英単語を覚えるとき、数をこなすべきか、それとも質を上げるべきかという話はよく聞く話ですが、これはどちらが優れているというわけでもなく、学習のステージや目的などによって最適解が変わってくる類いの話です。ここでは『英単語の覚え方』の後編として、英単語の数をこなして覚えていく場合のやり方、またどういうときにそのやり方が適切であると考えられるかについて解説します。

語彙を覚えるときに意識するべきこととして、『能動的語彙』と『受動的語彙』という考え方があることをまずおさえておくと良いでしょう。

能動的語彙とは、「作文や日常会話で、自分から発信に使える語彙」のことです。漢字で喩えるなら、『自分で書ける漢字』のイメージです。一方受動的語彙とは、「読んだり聞いたりしたら分かるが、自分から発信するときには頭によぎらない、または使えない語彙」のことを指します。漢字で言うなら、『読めるけど書けない漢字』のイメージが近いでしょう。自分が増やしたいのが、能動的語彙なのか受動的語彙なのか、まずはこれをはっきりさせておきましょう。
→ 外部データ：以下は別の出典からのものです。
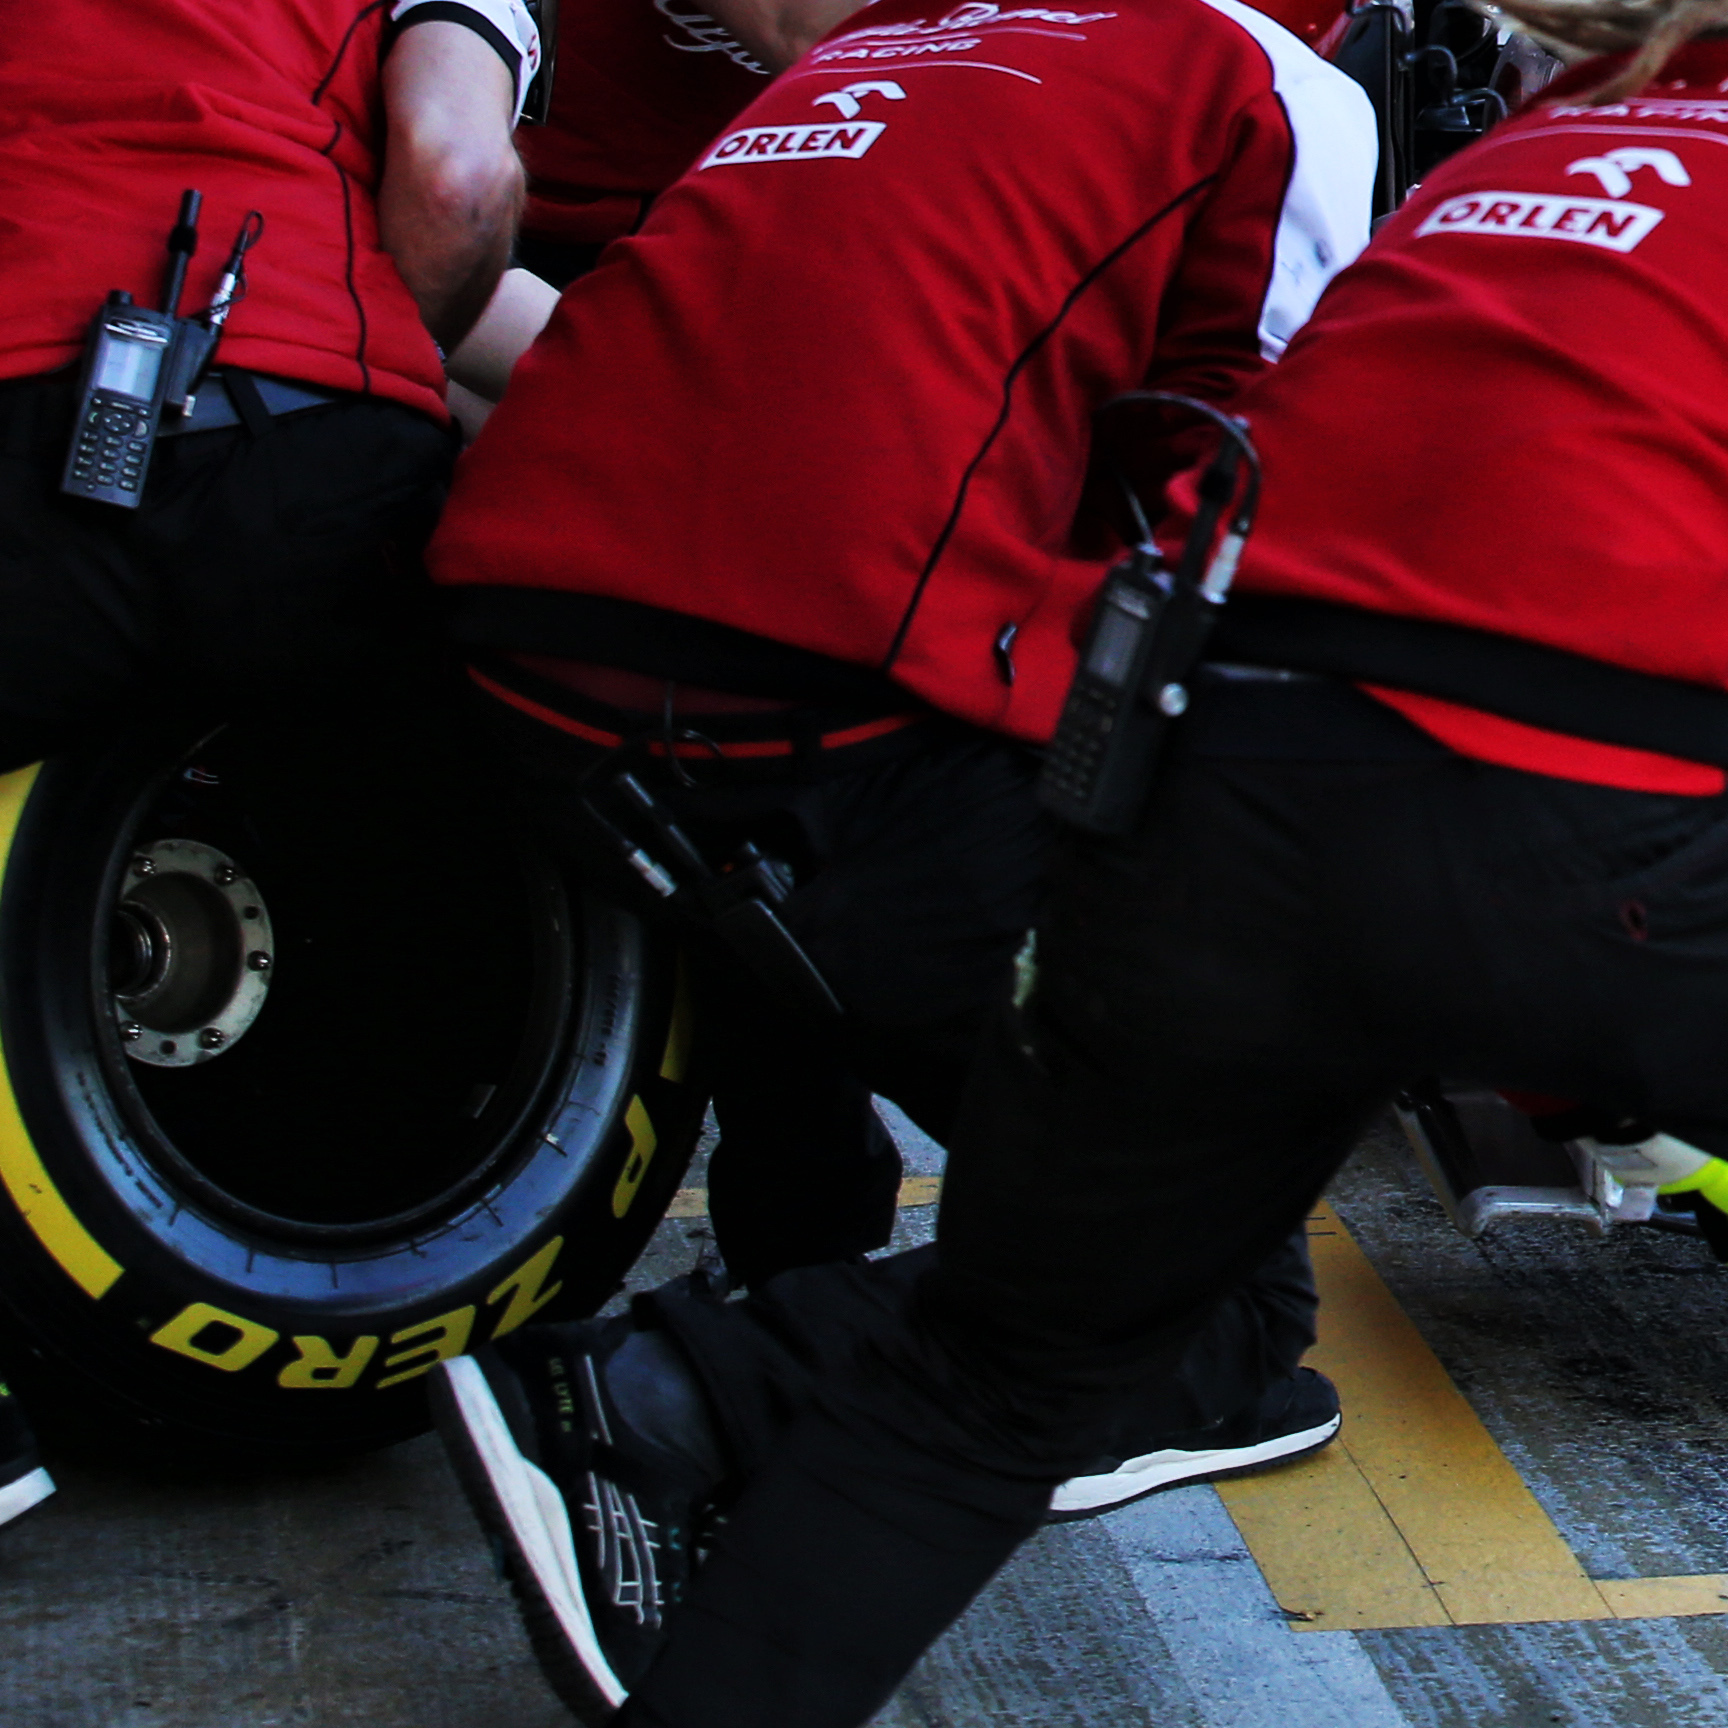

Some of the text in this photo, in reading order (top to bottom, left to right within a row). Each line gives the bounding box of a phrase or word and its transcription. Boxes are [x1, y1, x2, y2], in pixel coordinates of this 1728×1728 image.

[818, 39, 982, 63] RACING
[715, 128, 867, 159] ORLEN
[1442, 201, 1636, 238] ORLEN
[149, 1234, 565, 1389] ZERO
基本的には、人は能動的語彙よりも受動的語彙の方が多いとされています。自分で使いこなせる語彙は、自分が見聞きして理解できる語彙の数よりも少ないというわけです。つまり語彙習得は、『受動的語彙』の段階から『能動的語彙』の段階という、ふたつの段階を持っているとも言えます。
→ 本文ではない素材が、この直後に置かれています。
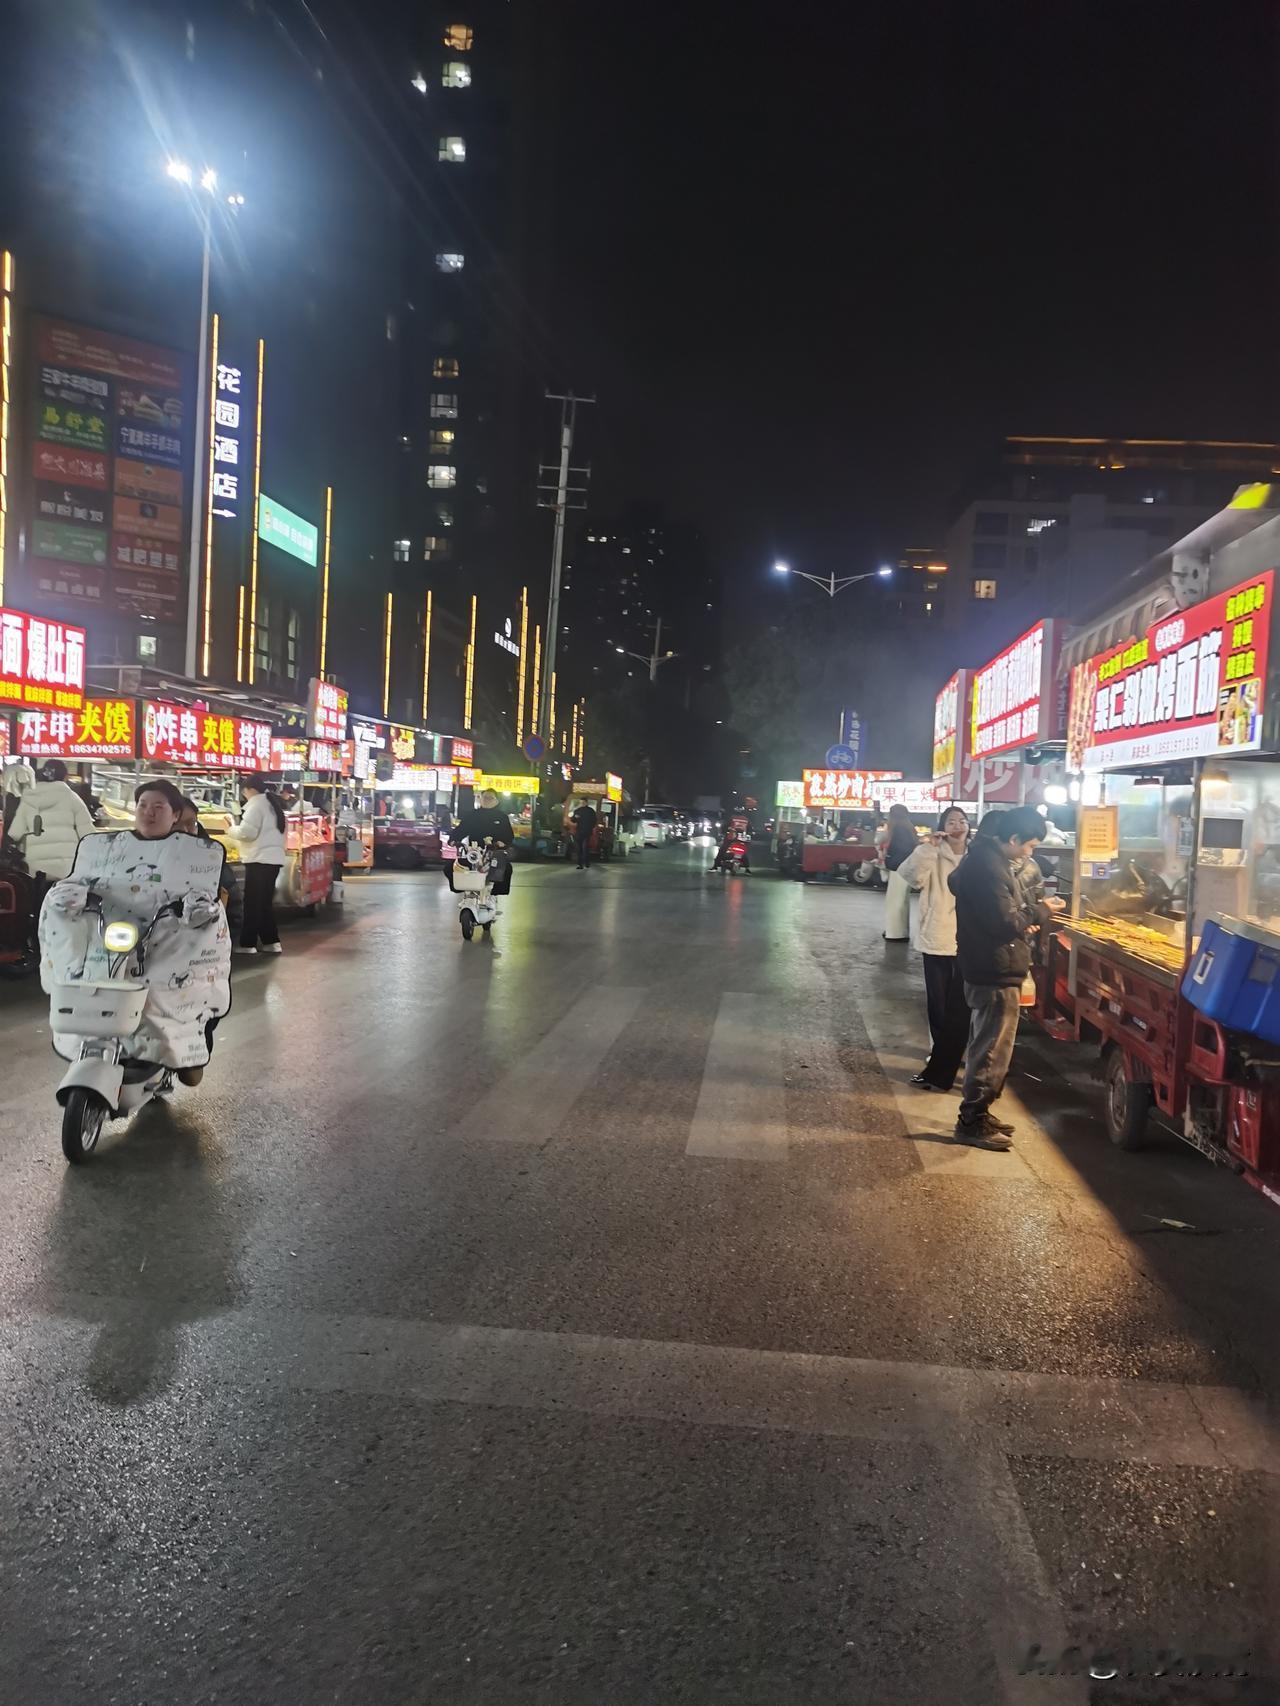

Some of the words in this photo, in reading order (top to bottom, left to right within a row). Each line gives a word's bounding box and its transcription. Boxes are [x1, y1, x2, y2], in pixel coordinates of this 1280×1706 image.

[213, 363, 242, 500] 花园酒店
[156, 706, 198, 750] 炸串
[203, 716, 234, 755] 夹馍
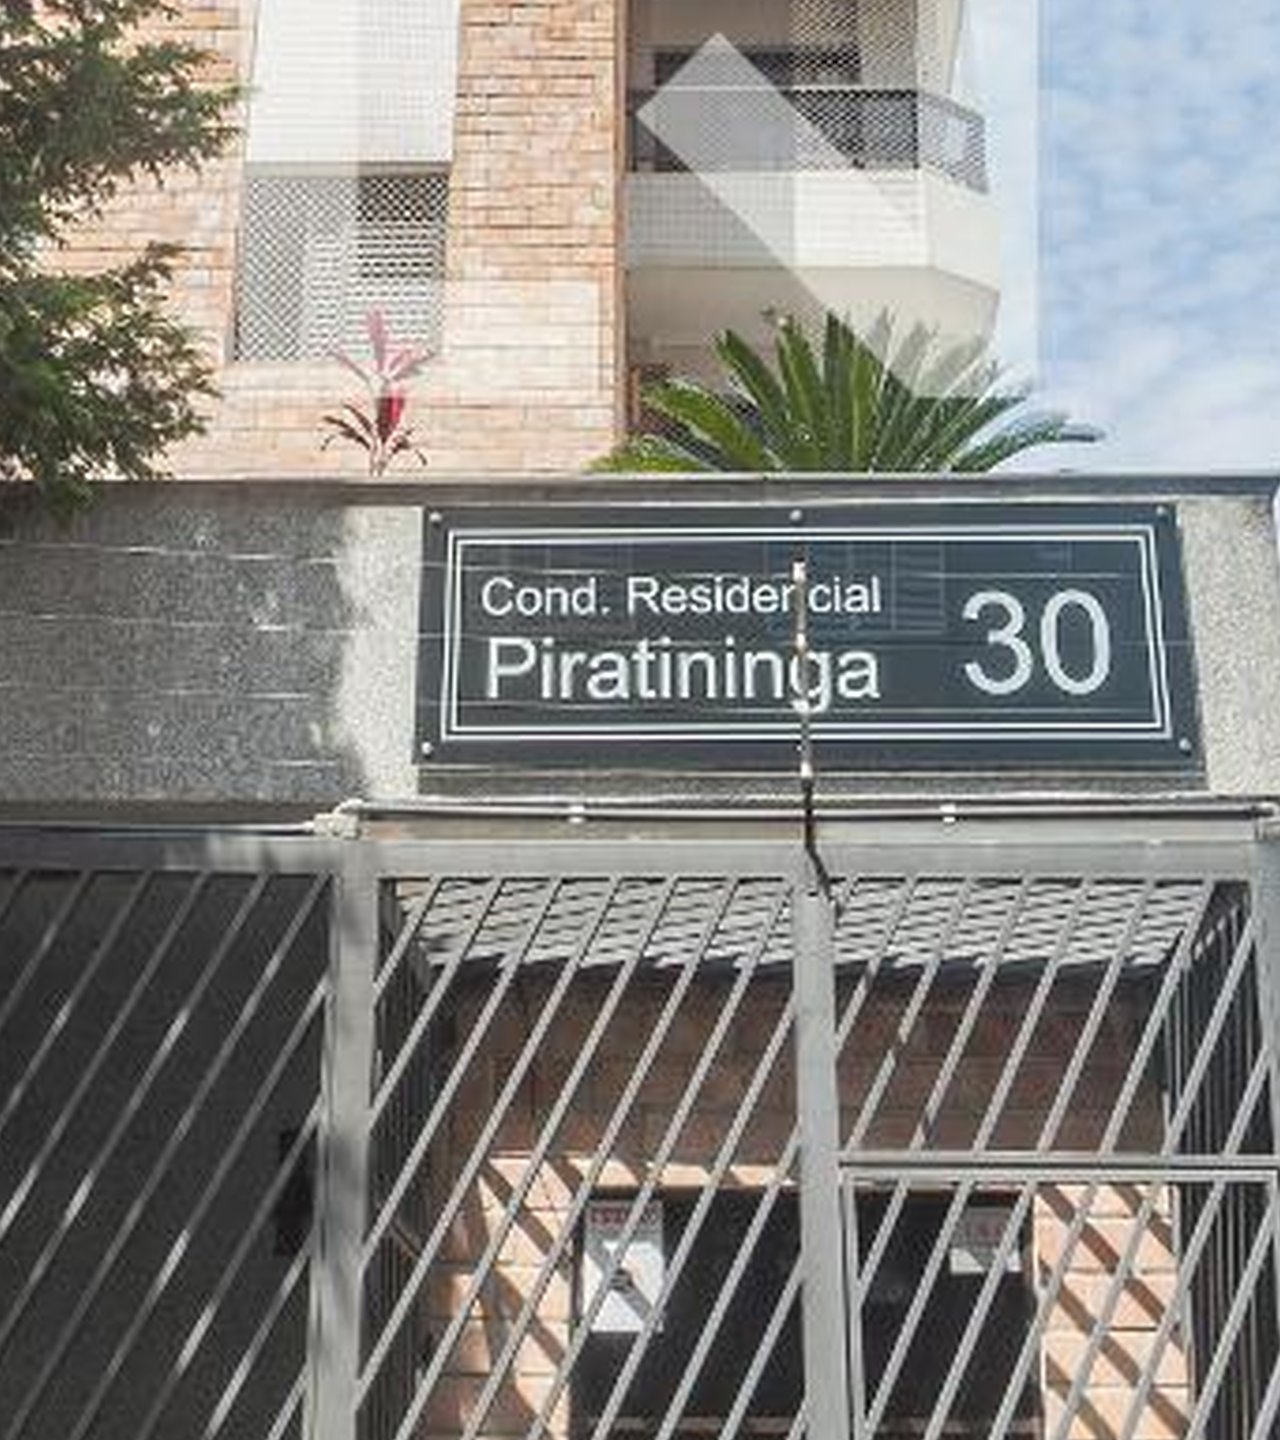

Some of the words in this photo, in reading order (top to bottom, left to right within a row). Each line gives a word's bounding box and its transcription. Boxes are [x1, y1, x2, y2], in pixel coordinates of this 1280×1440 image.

特に学習初期は、受動的語彙が重要になります。まずはテキストに書かれている例文が分からないと勉強が進みませんし、特に検定試験などを受ける場合でも、点数のほとんどはリーディングやボキャブラリーの理解度に依存しているため、受動的語彙が重要であるからです。

では、受動的語彙を増やすにはどうすれば良いでしょうか。これは単純で、「10個の英単語をしっかり覚えよう」と考えて英単語帳を見たりするのではなく、「100個の英単語を見て、そのうちの10でも15でも頭に残れば上等」くらいで取り組んでみるのが良いでしょう。
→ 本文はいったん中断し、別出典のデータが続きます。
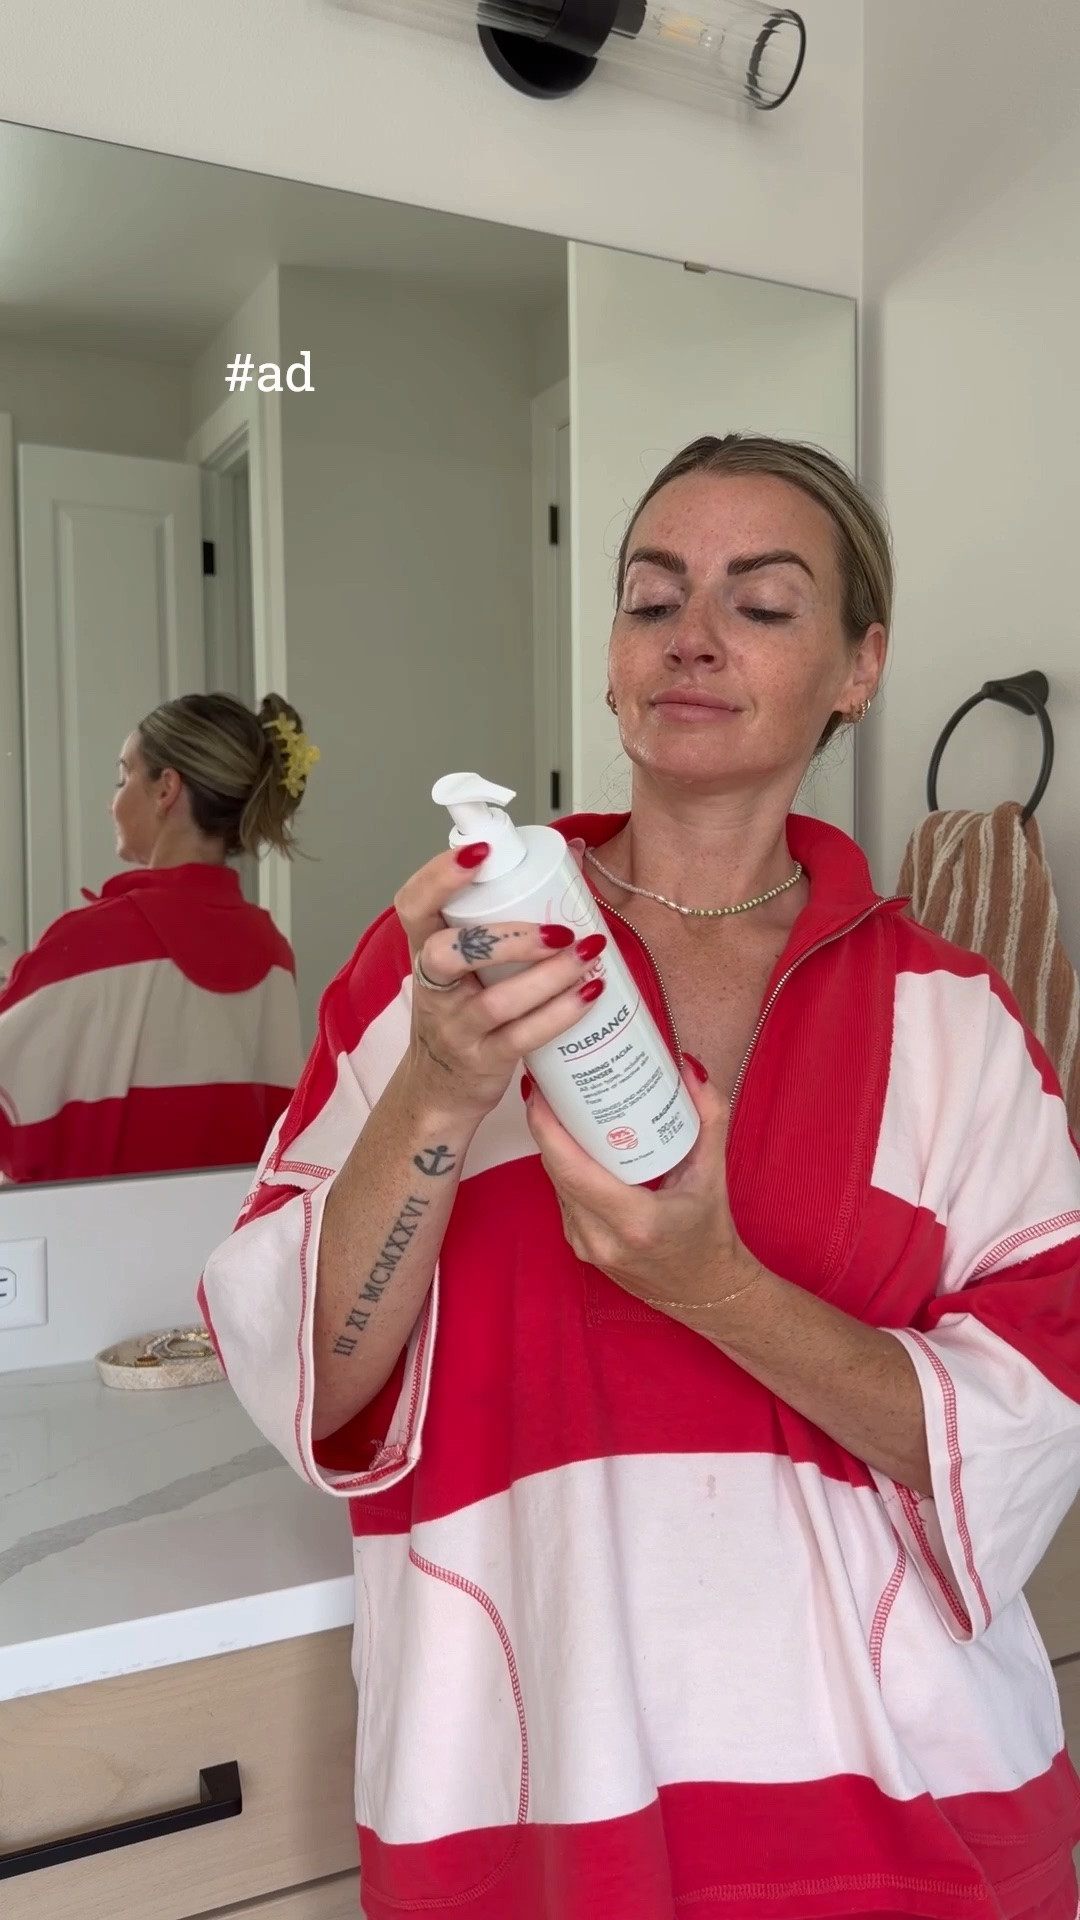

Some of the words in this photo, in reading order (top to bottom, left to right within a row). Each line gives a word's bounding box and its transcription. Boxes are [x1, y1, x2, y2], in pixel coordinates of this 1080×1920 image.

[557, 1004, 630, 1056] TOLERANCE
[571, 1061, 610, 1080] FOAMING
[611, 1043, 634, 1063] FACIAL
[575, 1067, 614, 1086] CLEANSER
[359, 1195, 430, 1303] MCMXXVI
[345, 1307, 371, 1332] XI
[333, 1335, 358, 1357] III
このときには、とりあえず英単語を見たときに理解できるようにしておけばOKなので、ひとまず日本語と対応させて覚えても大丈夫です。ただ、もしもある程度勉強していて慣れているのであれば、英単語の説明を英語で読んで理解する(英英辞書を引く、英英で説明している単語帳を買ってみる)のも良いでしょう。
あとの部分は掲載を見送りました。